(Spatial localization data)

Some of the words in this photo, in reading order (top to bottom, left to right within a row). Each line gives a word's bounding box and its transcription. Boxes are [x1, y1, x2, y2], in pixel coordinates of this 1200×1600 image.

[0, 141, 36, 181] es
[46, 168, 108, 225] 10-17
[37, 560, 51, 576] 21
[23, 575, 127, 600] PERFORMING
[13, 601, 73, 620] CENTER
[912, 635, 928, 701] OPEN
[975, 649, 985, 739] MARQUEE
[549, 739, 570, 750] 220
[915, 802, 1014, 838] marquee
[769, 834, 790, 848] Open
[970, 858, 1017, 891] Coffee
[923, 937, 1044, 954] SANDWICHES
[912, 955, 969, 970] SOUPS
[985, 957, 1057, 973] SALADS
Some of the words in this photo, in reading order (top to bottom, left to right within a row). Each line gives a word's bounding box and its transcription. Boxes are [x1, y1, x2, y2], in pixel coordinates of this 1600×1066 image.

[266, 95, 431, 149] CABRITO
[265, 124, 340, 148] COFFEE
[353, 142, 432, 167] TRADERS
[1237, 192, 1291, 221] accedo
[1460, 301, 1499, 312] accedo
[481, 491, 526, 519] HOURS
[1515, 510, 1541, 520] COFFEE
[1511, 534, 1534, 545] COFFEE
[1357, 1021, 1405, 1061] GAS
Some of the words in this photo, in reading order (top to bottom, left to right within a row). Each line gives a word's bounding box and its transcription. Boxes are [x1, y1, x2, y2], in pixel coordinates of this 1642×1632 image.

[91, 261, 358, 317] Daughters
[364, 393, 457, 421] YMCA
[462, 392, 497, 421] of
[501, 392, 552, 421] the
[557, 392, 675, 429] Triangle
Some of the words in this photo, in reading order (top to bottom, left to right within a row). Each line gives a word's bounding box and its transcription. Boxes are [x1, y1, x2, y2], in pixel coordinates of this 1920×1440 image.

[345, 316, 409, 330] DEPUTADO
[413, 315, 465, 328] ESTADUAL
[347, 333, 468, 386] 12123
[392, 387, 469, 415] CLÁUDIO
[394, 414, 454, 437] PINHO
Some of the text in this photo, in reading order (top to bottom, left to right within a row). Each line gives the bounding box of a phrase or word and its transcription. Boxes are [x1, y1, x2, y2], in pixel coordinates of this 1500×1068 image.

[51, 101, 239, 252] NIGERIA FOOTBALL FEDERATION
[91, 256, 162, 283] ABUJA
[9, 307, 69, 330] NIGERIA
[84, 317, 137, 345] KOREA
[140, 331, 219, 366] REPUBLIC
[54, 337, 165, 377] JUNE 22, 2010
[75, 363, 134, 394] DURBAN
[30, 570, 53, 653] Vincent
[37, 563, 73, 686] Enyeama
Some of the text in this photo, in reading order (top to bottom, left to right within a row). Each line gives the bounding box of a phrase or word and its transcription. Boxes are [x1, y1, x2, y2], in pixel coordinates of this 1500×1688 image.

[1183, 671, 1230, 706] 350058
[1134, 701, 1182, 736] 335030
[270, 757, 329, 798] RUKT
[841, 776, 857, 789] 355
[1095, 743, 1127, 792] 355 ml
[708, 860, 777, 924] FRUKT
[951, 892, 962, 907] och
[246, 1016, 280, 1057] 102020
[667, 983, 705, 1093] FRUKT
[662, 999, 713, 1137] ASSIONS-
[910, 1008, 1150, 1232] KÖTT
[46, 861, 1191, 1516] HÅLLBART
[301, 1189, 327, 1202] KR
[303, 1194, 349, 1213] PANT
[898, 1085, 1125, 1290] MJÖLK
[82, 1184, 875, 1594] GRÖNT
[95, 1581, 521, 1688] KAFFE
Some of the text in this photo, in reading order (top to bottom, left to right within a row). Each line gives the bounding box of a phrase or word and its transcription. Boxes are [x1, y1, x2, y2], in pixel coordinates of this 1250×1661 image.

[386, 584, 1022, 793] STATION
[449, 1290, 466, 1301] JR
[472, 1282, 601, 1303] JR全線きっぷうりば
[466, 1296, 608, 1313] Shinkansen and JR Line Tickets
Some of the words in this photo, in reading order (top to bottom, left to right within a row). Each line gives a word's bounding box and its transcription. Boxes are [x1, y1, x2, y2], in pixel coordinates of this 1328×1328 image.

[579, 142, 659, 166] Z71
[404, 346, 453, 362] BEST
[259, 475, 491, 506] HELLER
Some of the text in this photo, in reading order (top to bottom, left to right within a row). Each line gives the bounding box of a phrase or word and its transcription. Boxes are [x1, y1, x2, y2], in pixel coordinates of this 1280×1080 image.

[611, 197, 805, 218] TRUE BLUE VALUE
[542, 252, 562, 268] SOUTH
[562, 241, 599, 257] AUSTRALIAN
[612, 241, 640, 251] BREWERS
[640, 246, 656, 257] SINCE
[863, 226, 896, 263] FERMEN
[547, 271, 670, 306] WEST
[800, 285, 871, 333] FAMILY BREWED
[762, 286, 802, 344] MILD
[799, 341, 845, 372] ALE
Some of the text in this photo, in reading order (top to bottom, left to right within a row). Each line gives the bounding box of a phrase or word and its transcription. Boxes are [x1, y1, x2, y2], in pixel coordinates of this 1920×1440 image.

### WORK REQUIRED
Reproduce the data above exactly, leaving nothing out.

### REPLY TO THE EXERCISE
Some of the words in this photo, in reading order (top to bottom, left to right within a row). Each line gives a word's bounding box and its transcription. Boxes are [x1, y1, x2, y2], in pixel coordinates of this 1200×1600 image.

[0, 141, 36, 181] es
[46, 168, 108, 225] 10-17
[37, 560, 51, 576] 21
[23, 575, 127, 600] PERFORMING
[13, 601, 73, 620] CENTER
[912, 635, 928, 701] OPEN
[975, 649, 985, 739] MARQUEE
[549, 739, 570, 750] 220
[915, 802, 1014, 838] marquee
[769, 834, 790, 848] Open
[970, 858, 1017, 891] Coffee
[923, 937, 1044, 954] SANDWICHES
[912, 955, 969, 970] SOUPS
[985, 957, 1057, 973] SALADS
Some of the words in this photo, in reading order (top to bottom, left to right within a row). Each line gives a word's bounding box and its transcription. Boxes are [x1, y1, x2, y2], in pixel coordinates of this 1600×1066 image.

[266, 95, 431, 149] CABRITO
[265, 124, 340, 148] COFFEE
[353, 142, 432, 167] TRADERS
[1237, 192, 1291, 221] accedo
[1460, 301, 1499, 312] accedo
[481, 491, 526, 519] HOURS
[1515, 510, 1541, 520] COFFEE
[1511, 534, 1534, 545] COFFEE
[1357, 1021, 1405, 1061] GAS
Some of the words in this photo, in reading order (top to bottom, left to right within a row). Each line gives a word's bounding box and its transcription. Boxes are [x1, y1, x2, y2], in pixel coordinates of this 1642×1632 image.

[91, 261, 358, 317] Daughters
[364, 393, 457, 421] YMCA
[462, 392, 497, 421] of
[501, 392, 552, 421] the
[557, 392, 675, 429] Triangle
Some of the words in this photo, in reading order (top to bottom, left to right within a row). Each line gives a word's bounding box and its transcription. Boxes are [x1, y1, x2, y2], in pixel coordinates of this 1920×1440 image.

[345, 316, 409, 330] DEPUTADO
[413, 315, 465, 328] ESTADUAL
[347, 333, 468, 386] 12123
[392, 387, 469, 415] CLÁUDIO
[394, 414, 454, 437] PINHO
Some of the text in this photo, in reading order (top to bottom, left to right within a row). Each line gives the bounding box of a phrase or word and its transcription. Boxes are [x1, y1, x2, y2], in pixel coordinates of this 1500×1068 image.

[51, 101, 239, 252] NIGERIA FOOTBALL FEDERATION
[91, 256, 162, 283] ABUJA
[9, 307, 69, 330] NIGERIA
[84, 317, 137, 345] KOREA
[140, 331, 219, 366] REPUBLIC
[54, 337, 165, 377] JUNE 22, 2010
[75, 363, 134, 394] DURBAN
[30, 570, 53, 653] Vincent
[37, 563, 73, 686] Enyeama
Some of the text in this photo, in reading order (top to bottom, left to right within a row). Each line gives the bounding box of a phrase or word and its transcription. Boxes are [x1, y1, x2, y2], in pixel coordinates of this 1500×1688 image.

[1183, 671, 1230, 706] 350058
[1134, 701, 1182, 736] 335030
[270, 757, 329, 798] RUKT
[841, 776, 857, 789] 355
[1095, 743, 1127, 792] 355 ml
[708, 860, 777, 924] FRUKT
[951, 892, 962, 907] och
[246, 1016, 280, 1057] 102020
[667, 983, 705, 1093] FRUKT
[662, 999, 713, 1137] ASSIONS-
[910, 1008, 1150, 1232] KÖTT
[46, 861, 1191, 1516] HÅLLBART
[301, 1189, 327, 1202] KR
[303, 1194, 349, 1213] PANT
[898, 1085, 1125, 1290] MJÖLK
[82, 1184, 875, 1594] GRÖNT
[95, 1581, 521, 1688] KAFFE
Some of the text in this photo, in reading order (top to bottom, left to right within a row). Each line gives the bounding box of a phrase or word and its transcription. Boxes are [x1, y1, x2, y2], in pixel coordinates of this 1250×1661 image.

[386, 584, 1022, 793] STATION
[449, 1290, 466, 1301] JR
[472, 1282, 601, 1303] JR全線きっぷうりば
[466, 1296, 608, 1313] Shinkansen and JR Line Tickets
Some of the words in this photo, in reading order (top to bottom, left to right within a row). Each line gives a word's bounding box and its transcription. Boxes are [x1, y1, x2, y2], in pixel coordinates of this 1328×1328 image.

[579, 142, 659, 166] Z71
[404, 346, 453, 362] BEST
[259, 475, 491, 506] HELLER
Some of the text in this photo, in reading order (top to bottom, left to right within a row). Each line gives the bounding box of a phrase or word and its transcription. Boxes are [x1, y1, x2, y2], in pixel coordinates of this 1280×1080 image.

[611, 197, 805, 218] TRUE BLUE VALUE
[542, 252, 562, 268] SOUTH
[562, 241, 599, 257] AUSTRALIAN
[612, 241, 640, 251] BREWERS
[640, 246, 656, 257] SINCE
[863, 226, 896, 263] FERMEN
[547, 271, 670, 306] WEST
[800, 285, 871, 333] FAMILY BREWED
[762, 286, 802, 344] MILD
[799, 341, 845, 372] ALE
Some of the text in this photo, in reading order (top to bottom, left to right within a row). Each line gives the bounding box of a phrase or word and its transcription. Boxes are [x1, y1, x2, y2], in pixel coordinates of this 1920×1440 image.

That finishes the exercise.